◆ ABOUT THIS EXERCISE
The result should be the listing below restated word for word, with images left out.

--*--

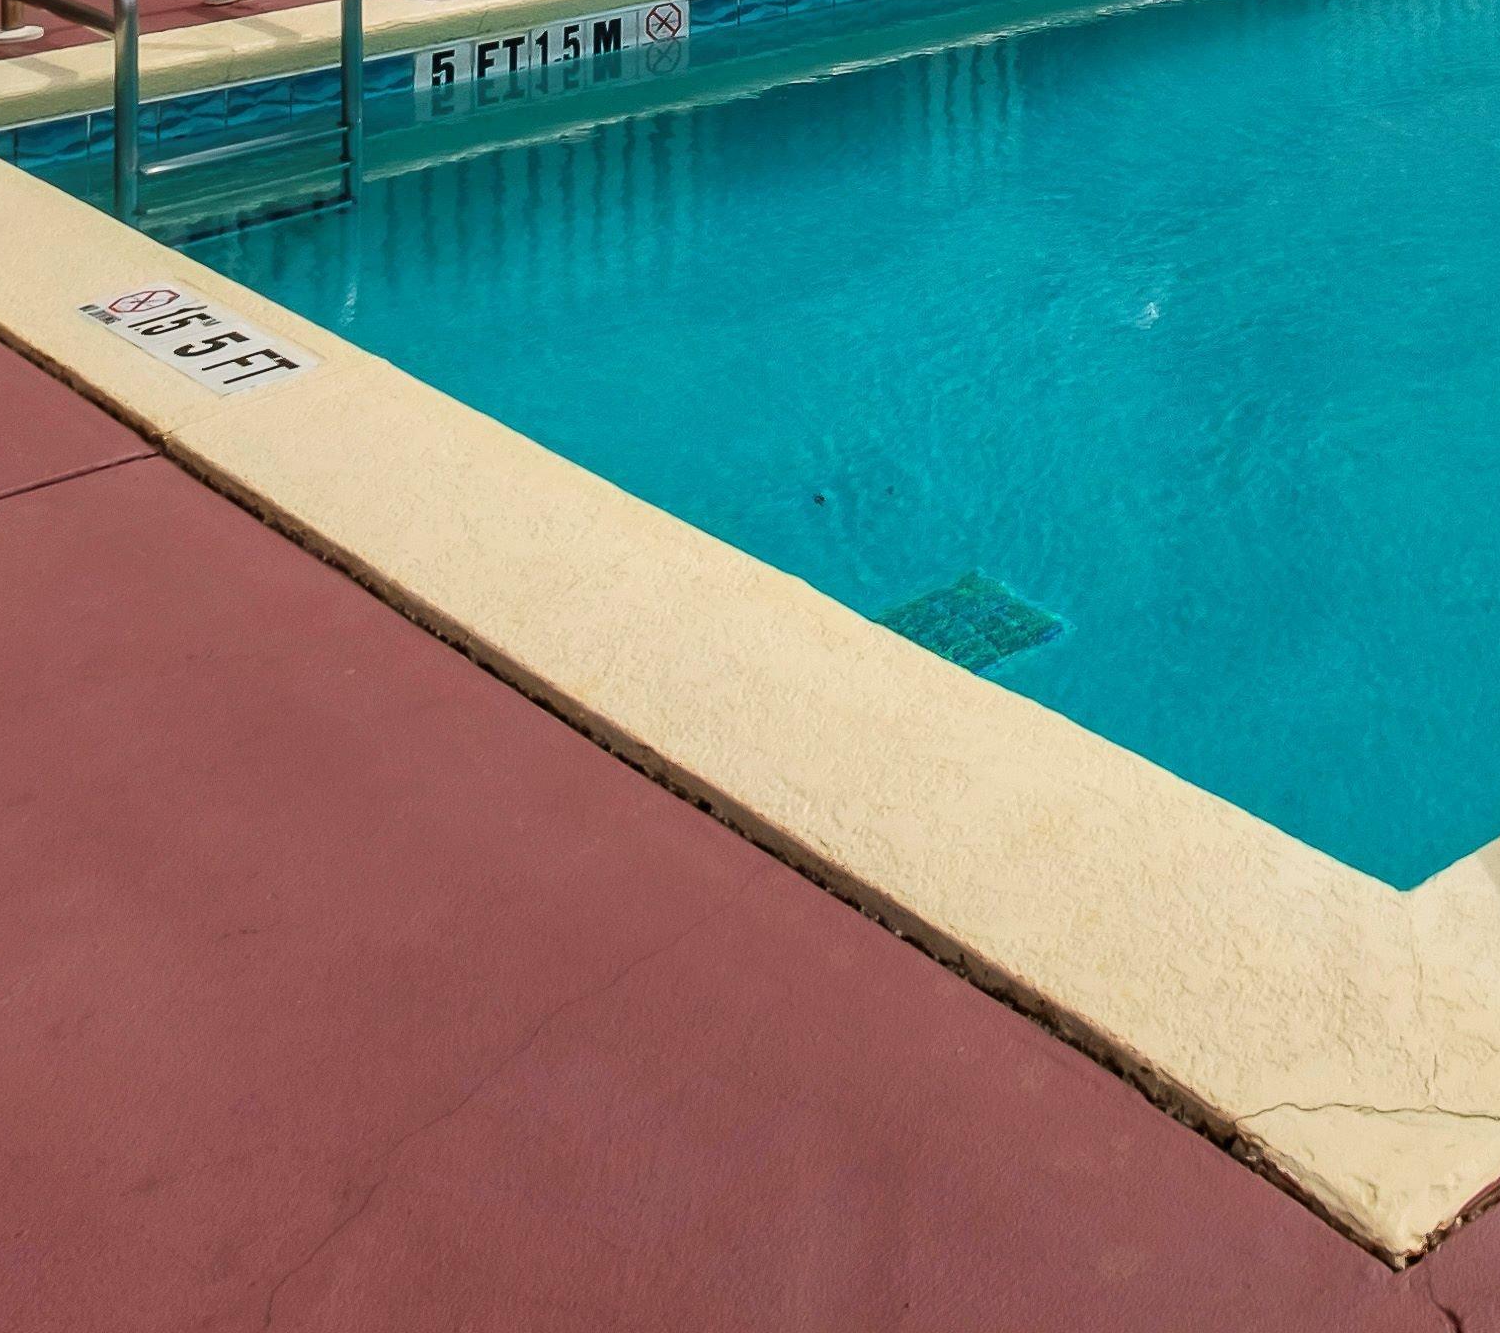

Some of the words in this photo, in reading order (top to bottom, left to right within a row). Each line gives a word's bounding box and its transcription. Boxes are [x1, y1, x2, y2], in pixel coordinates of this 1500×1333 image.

[431, 49, 455, 87] 5
[477, 36, 526, 81] FT
[594, 17, 621, 54] M
[174, 331, 250, 357] 5
[202, 348, 300, 384] FT
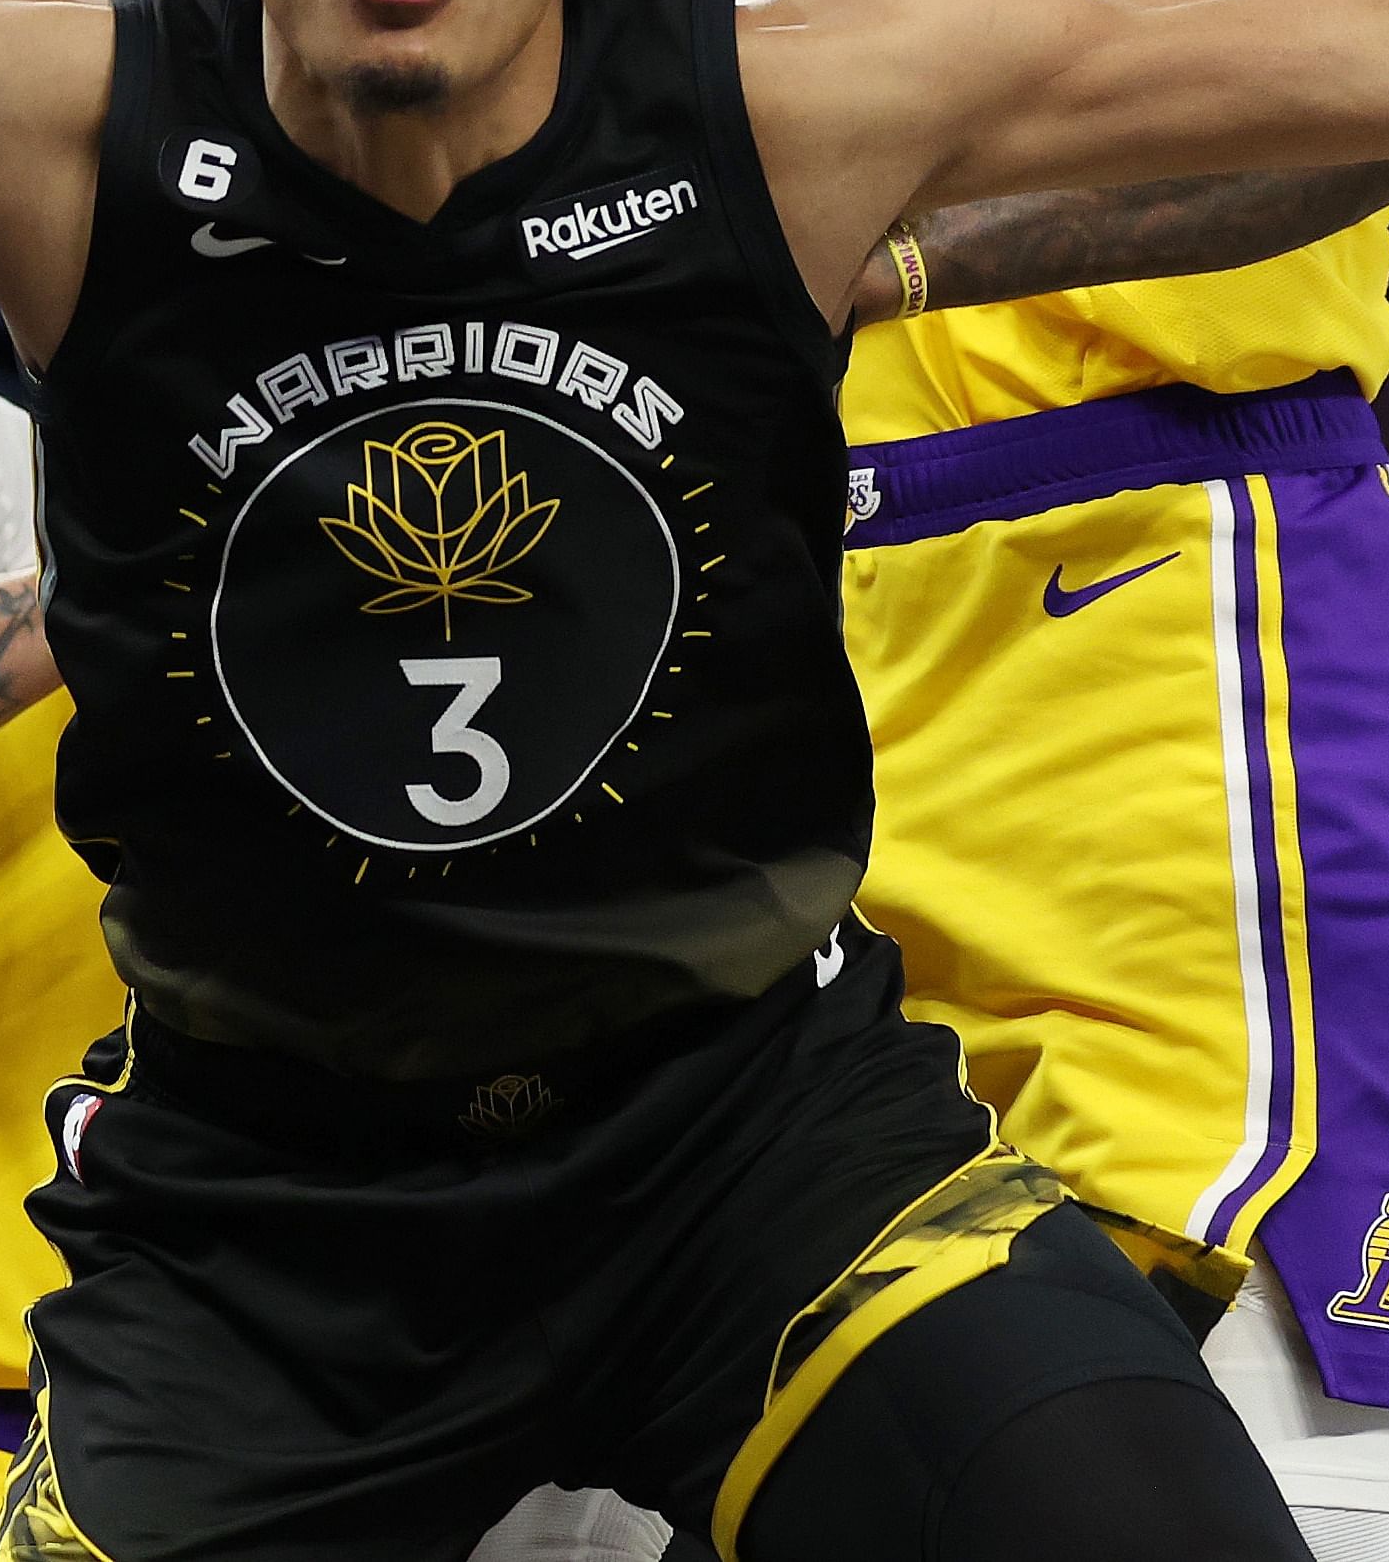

--*--

◆ TASK SOLUTION
Some of the words in this photo, in reading order (top to bottom, left to right within a row). Each line gives a word's bounding box and its transcription. Boxes are [x1, y1, x2, y2], in pixel coordinates of this 1500×1333 image.

[431, 49, 455, 87] 5
[477, 36, 526, 81] FT
[594, 17, 621, 54] M
[174, 331, 250, 357] 5
[202, 348, 300, 384] FT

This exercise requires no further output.